ReCo1: A Fault resilient technique of Correlation Sensitive Stochastic Designs

TL;DR

This paper introduces ReCo, a fault-tolerant framework for correlation-sensitive stochastic logic circuits, significantly improving reliability and accuracy in error-prone stochastic systems, especially in critical applications like security and medical devices.

Contribution

The paper develops a novel ReCo framework for remodelling correlation in stochastic logic elements, enhancing fault tolerance without compromising overall circuit reliability.

Findings

Achieved a 92.80 SSIM in noisy image processing

ReCo reduces hardware area for correction blocks

Improves accuracy in correlation-sensitive stochastic circuits

Abstract

In stochastic circuits, major sources of error are correlation errors, soft errors and random fluctuation errors that affect the accuracy and reliability of the circuit. The soft error has the effect of changing the correlation status and in turn changes the probability of numbers leading to the erroneous output. This has serious impact on security and medical systems where highly accurate systems are required. We tackle this problem by introducing the fault-tolerant technique of correlation-sensitive stochastic logic circuits. We develop a framework of Remodelling Correlation(ReCo) for Stochastic Logic Elements; AND, XOR and OR for reliable operation.
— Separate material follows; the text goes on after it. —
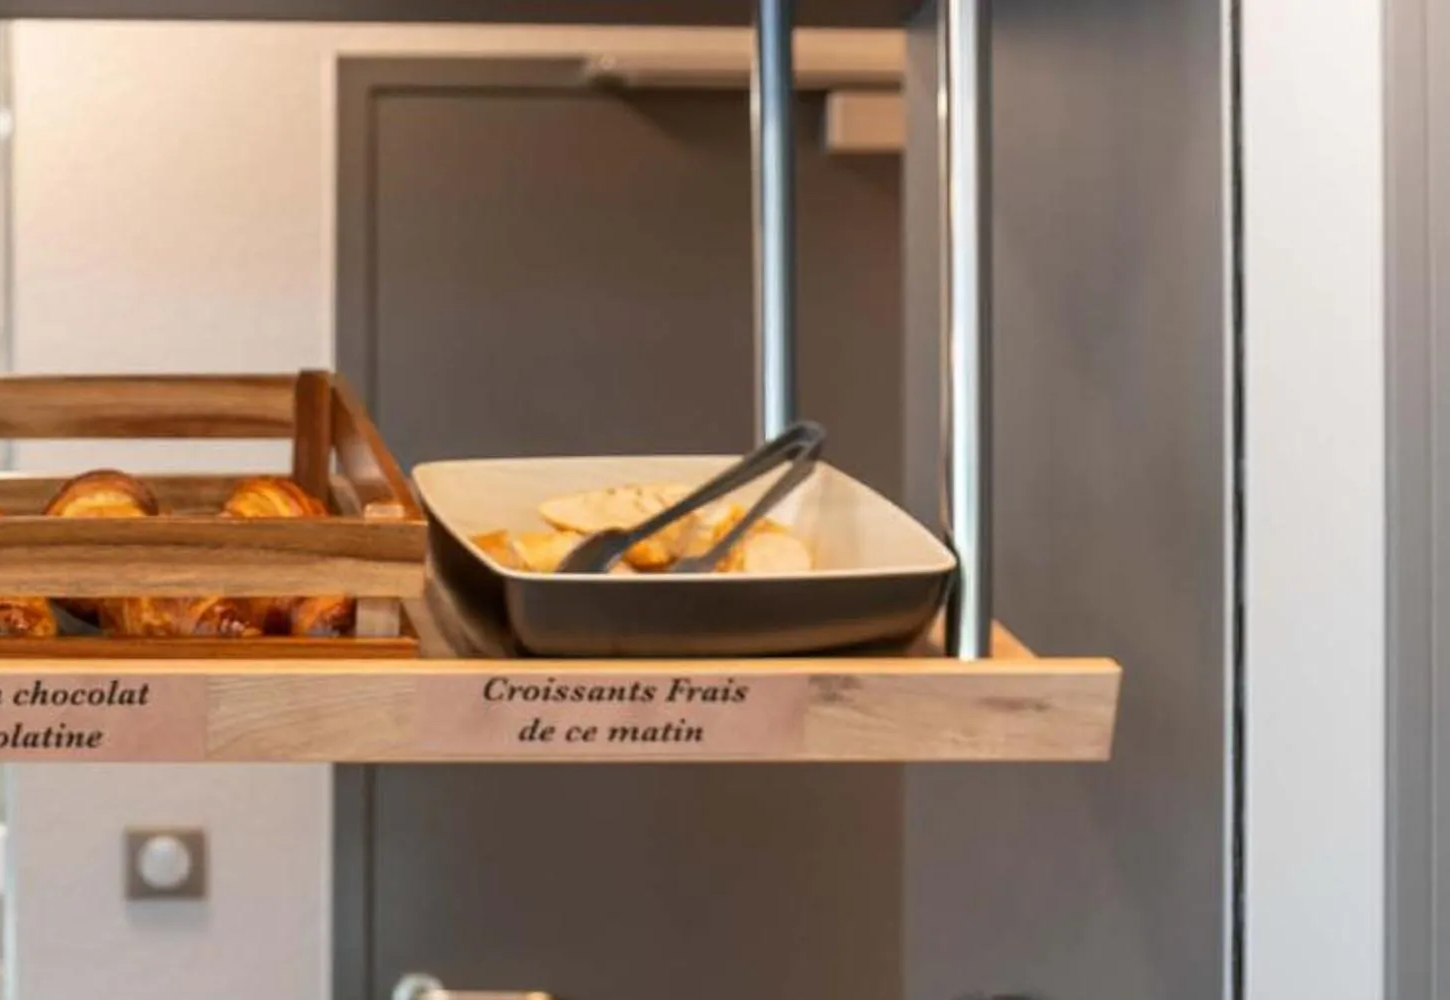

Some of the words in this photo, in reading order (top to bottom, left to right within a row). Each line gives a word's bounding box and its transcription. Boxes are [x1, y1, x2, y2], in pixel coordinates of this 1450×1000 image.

We present two variants of ReCo models in combinational circuits with contradictory requirements by stating two interesting case studies. The proposed technique selects logic elements and places correction blocks based on a priority-based rule that helps to converge to the desired MSE quickly requiring less hardware area. It is shown that this technique does not alter the reliability of the overall circuit. To demonstrate the practical effectiveness of the proposed framework, contrast stretch operation on a standard image in a noisy environment is studied. A high structural similarity index measure of 92.80 is observed for the output image with the proposed approach compared to the image (with error) 66.43.